● **TASK DIRECTIONS**
Each line from the one with "this 1280×1704 image." to the final line of the data must be reproduced exactly, and no other line may appear.

---

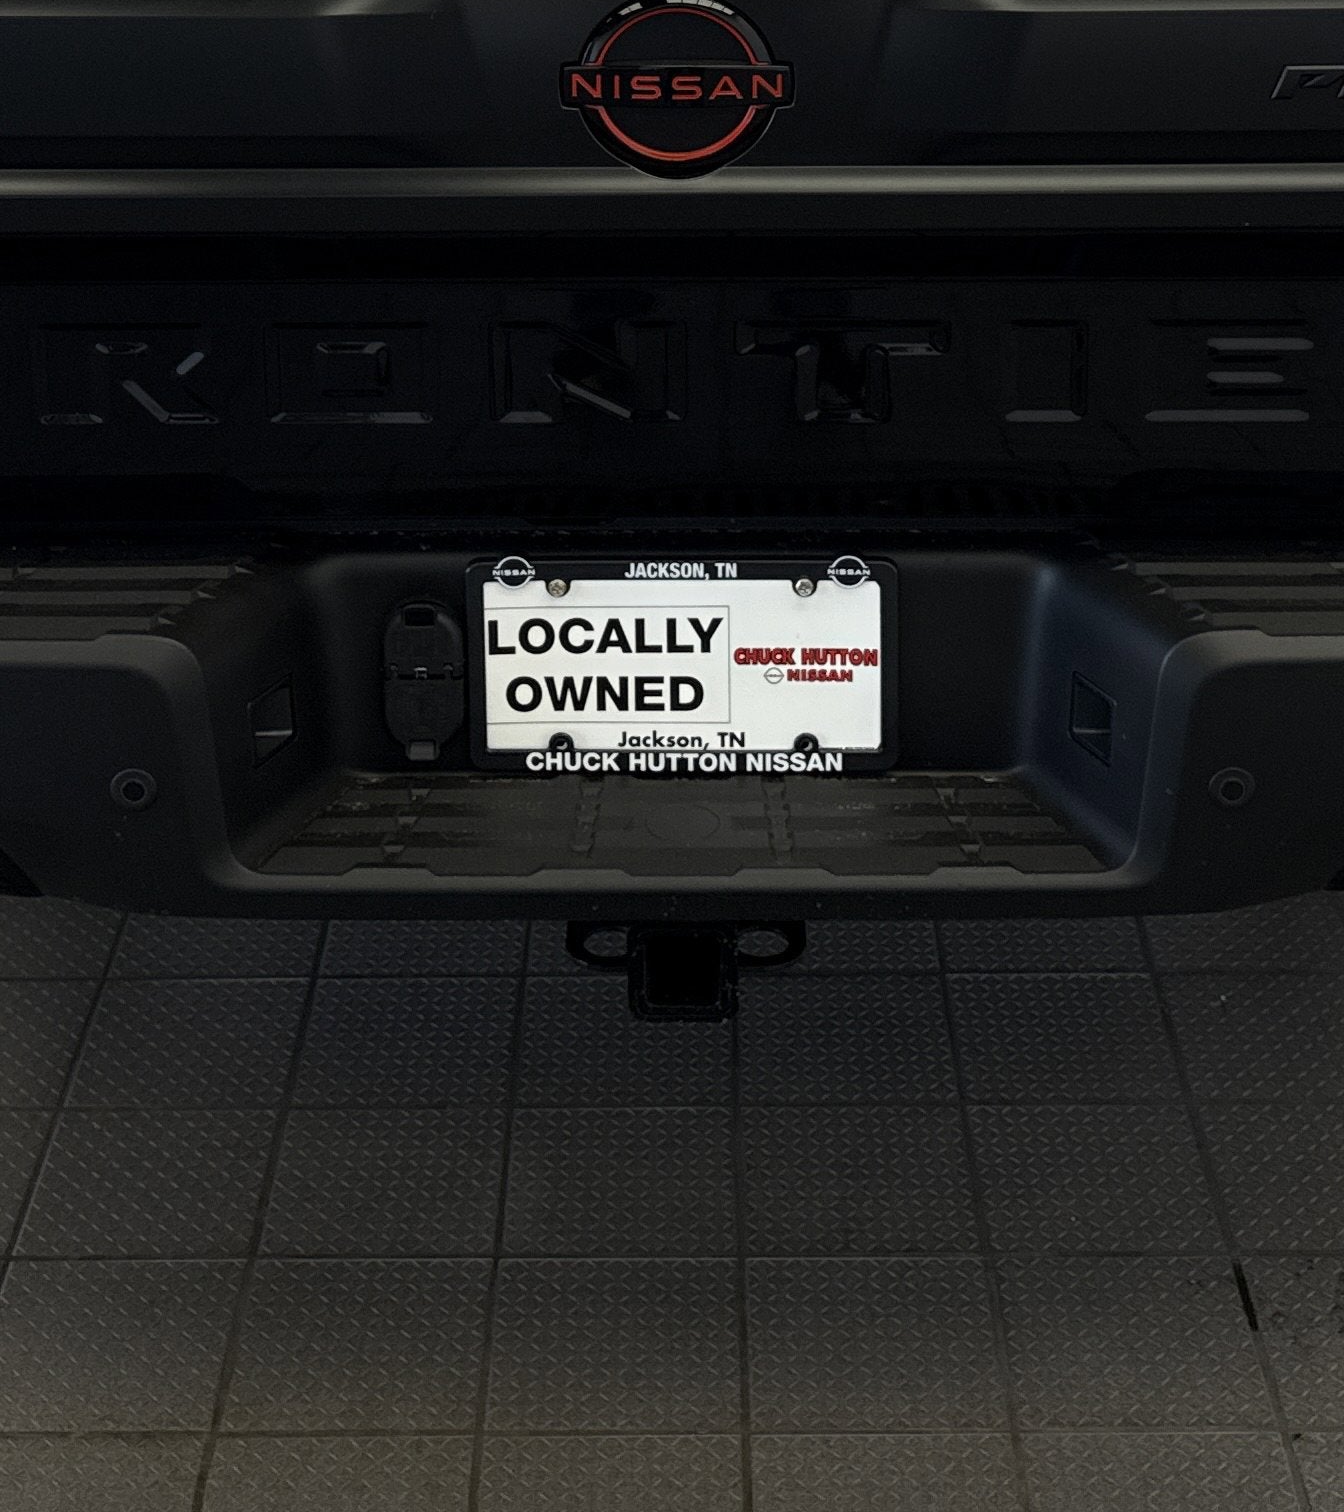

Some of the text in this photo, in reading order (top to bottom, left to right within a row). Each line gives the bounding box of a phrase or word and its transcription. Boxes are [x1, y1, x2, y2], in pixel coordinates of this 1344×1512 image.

[571, 73, 783, 100] NISSAN
[624, 562, 738, 580] JACKSON, TN
[487, 617, 724, 656] LOCALLY
[734, 647, 879, 666] CHUCK HUTTON
[787, 669, 854, 682] NISSAN
[505, 675, 705, 712] OWNED
[617, 731, 746, 750] Jackson, TN
[525, 750, 844, 773] CHUCK HUTTON NISSAN
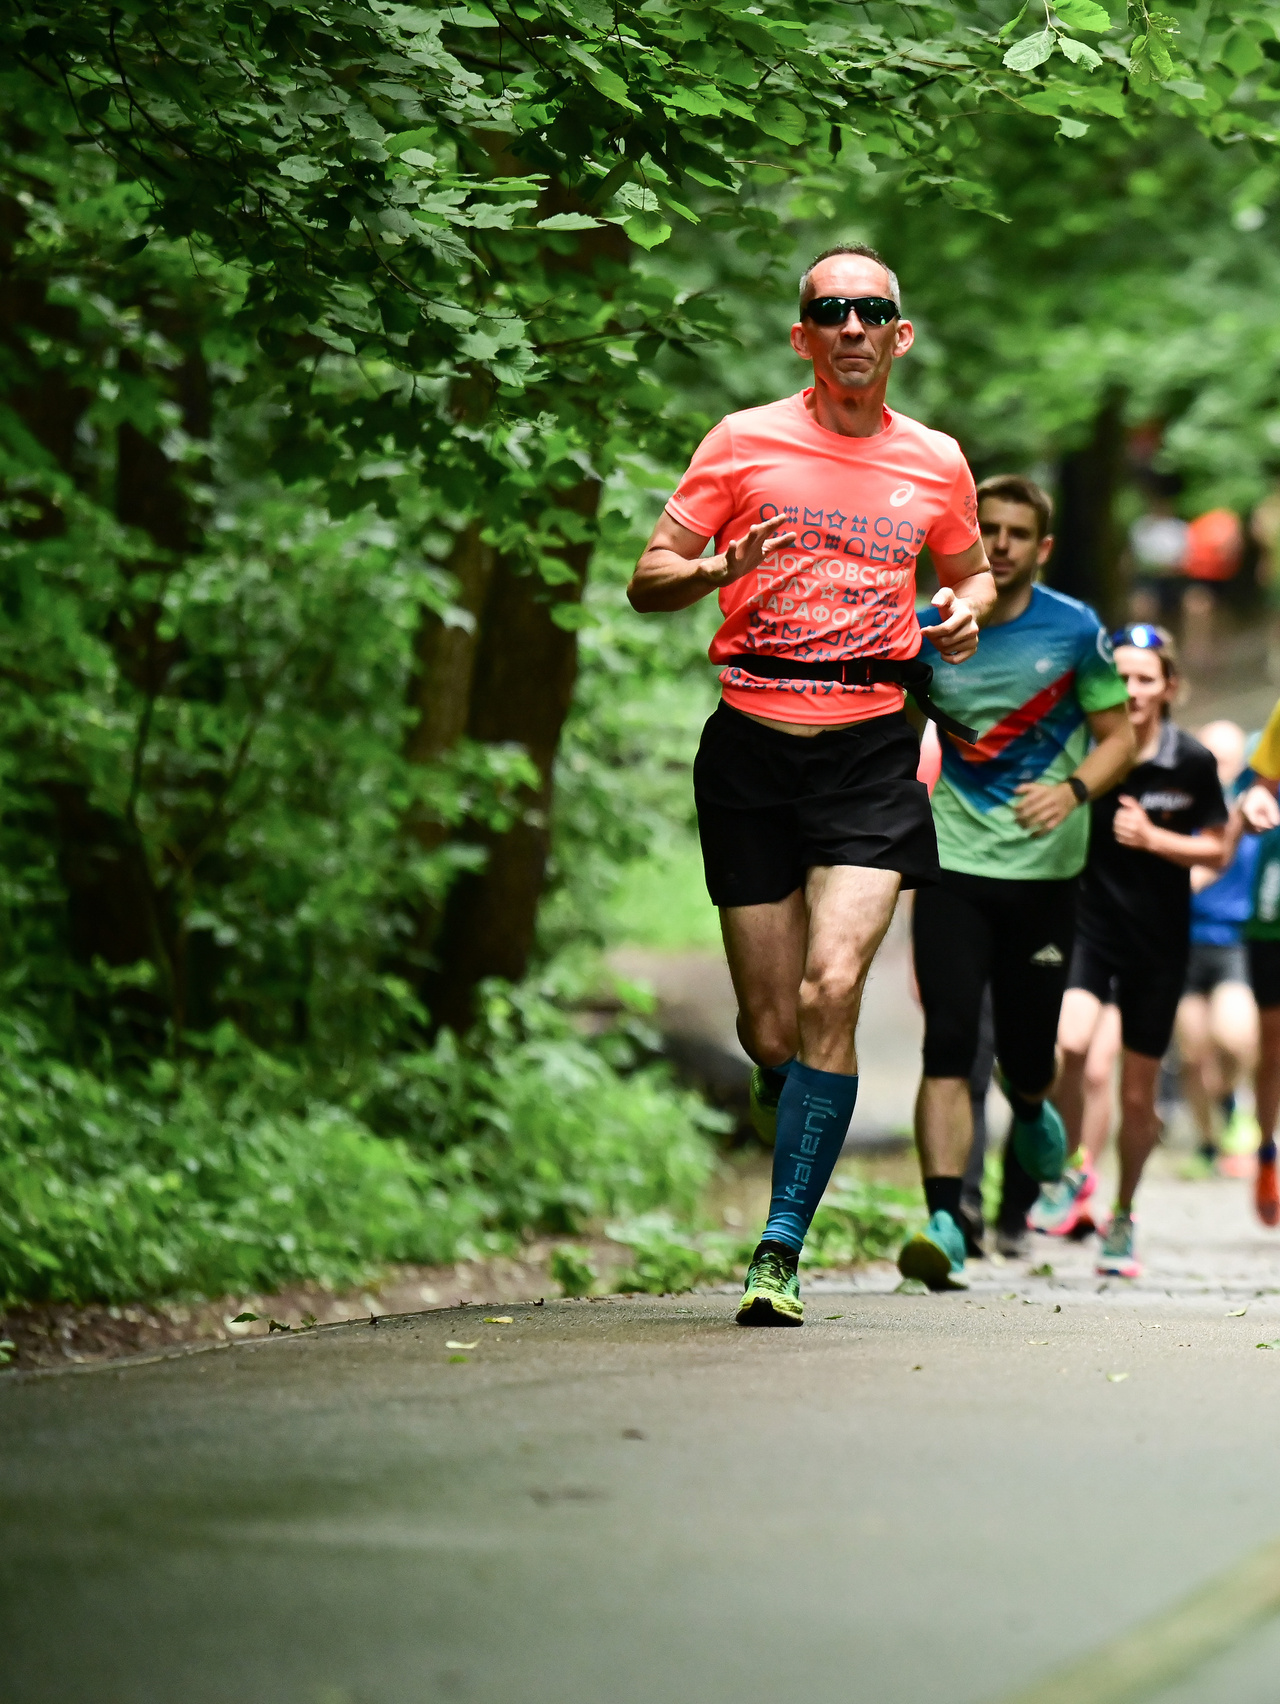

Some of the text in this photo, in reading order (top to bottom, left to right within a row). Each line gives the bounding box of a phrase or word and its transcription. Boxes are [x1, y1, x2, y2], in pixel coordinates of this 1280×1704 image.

[757, 573, 820, 598] ПОЛУ
[747, 594, 868, 627] МАРАФОН
[783, 1094, 838, 1204] kalenji

---

● **PROBLEM SOLUTION**
Some of the text in this photo, in reading order (top to bottom, left to right within a row). Each line gives the bounding box of a phrase or word and its transcription. Boxes are [x1, y1, x2, y2], in pixel coordinates of this 1280×1704 image.

[757, 573, 820, 598] ПОЛУ
[747, 594, 868, 627] МАРАФОН
[783, 1094, 838, 1204] kalenji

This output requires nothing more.